The data START

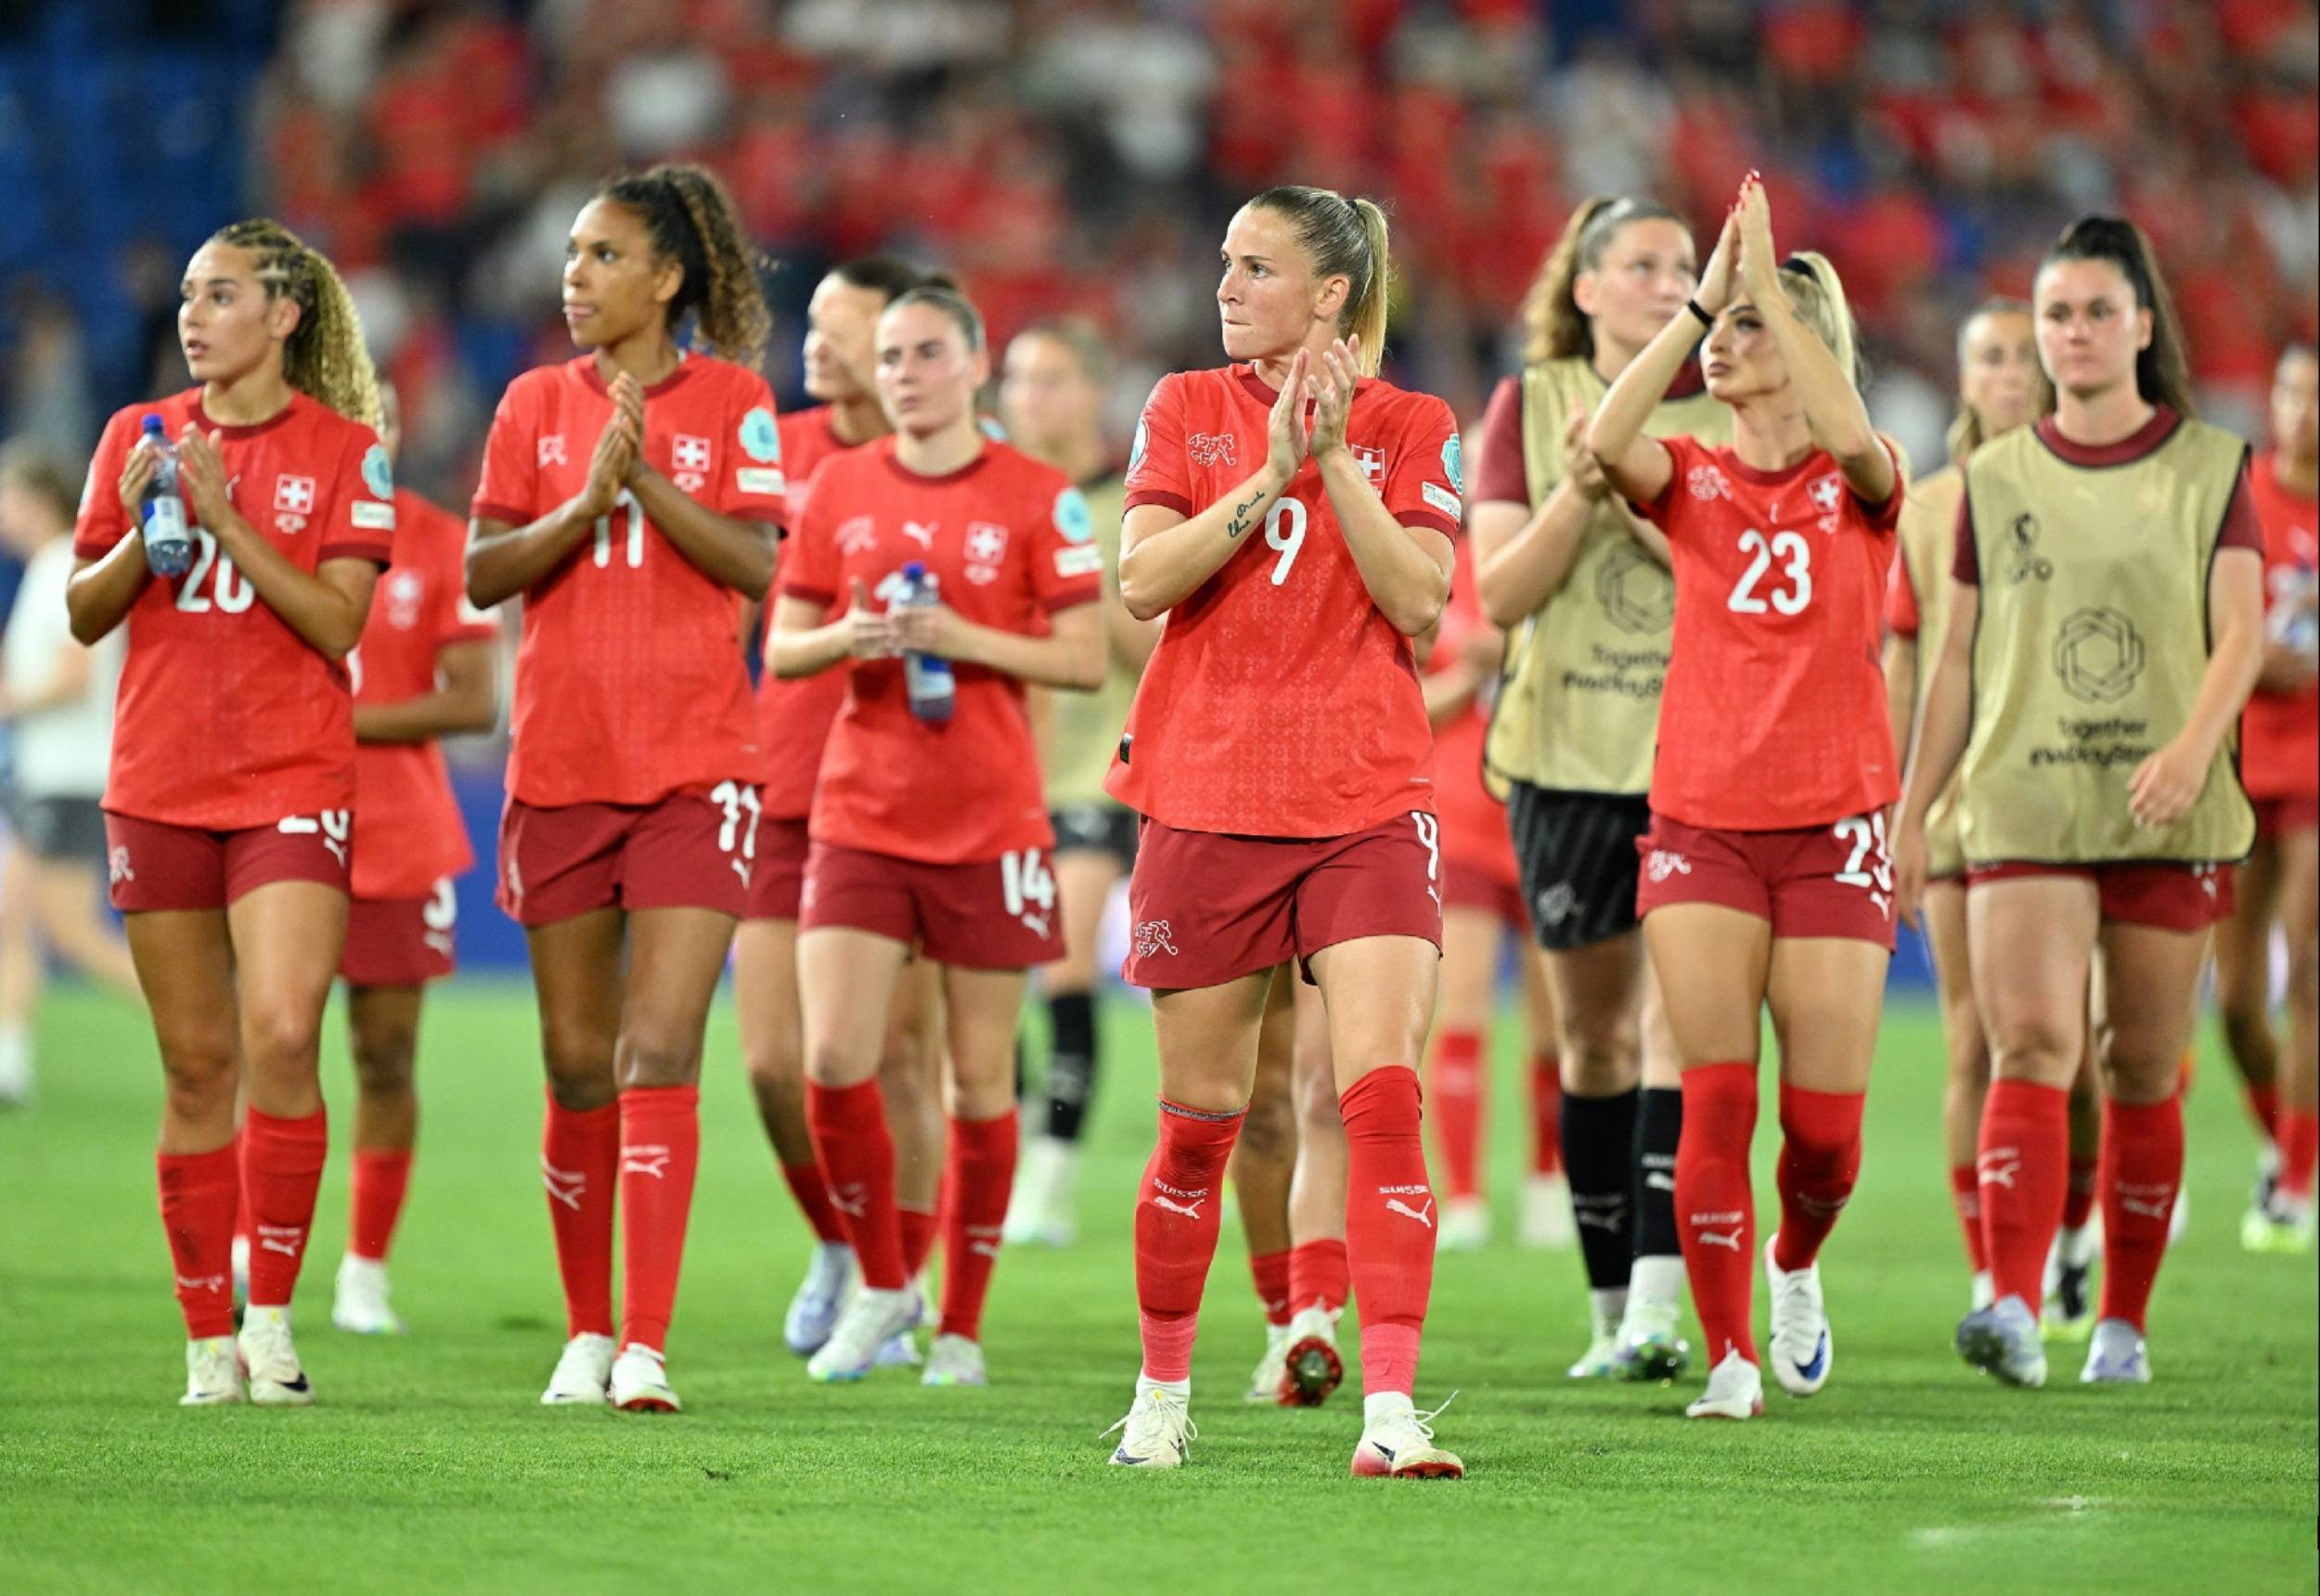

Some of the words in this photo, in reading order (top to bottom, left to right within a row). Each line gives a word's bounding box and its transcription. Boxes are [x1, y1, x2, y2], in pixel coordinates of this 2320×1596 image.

[175, 526, 255, 613] 20
[1265, 497, 1307, 586] 9
[1728, 528, 1811, 615] 23
[1592, 644, 1670, 671] Togethe
[710, 780, 762, 859] 11
[1002, 848, 1054, 916] 14

The data END

§ Task instructions
Full copy, no pictures: write out each line of the data exactly as it stands.

§ Result
Some of the words in this photo, in reading order (top to bottom, left to right within a row). Each line gives a word's bounding box and its transcription. Boxes are [x1, y1, x2, y2], in pixel coordinates of this 2320×1596 image.

[175, 526, 255, 613] 20
[1265, 497, 1307, 586] 9
[1728, 528, 1811, 615] 23
[1592, 644, 1670, 671] Togethe
[710, 780, 762, 859] 11
[1002, 848, 1054, 916] 14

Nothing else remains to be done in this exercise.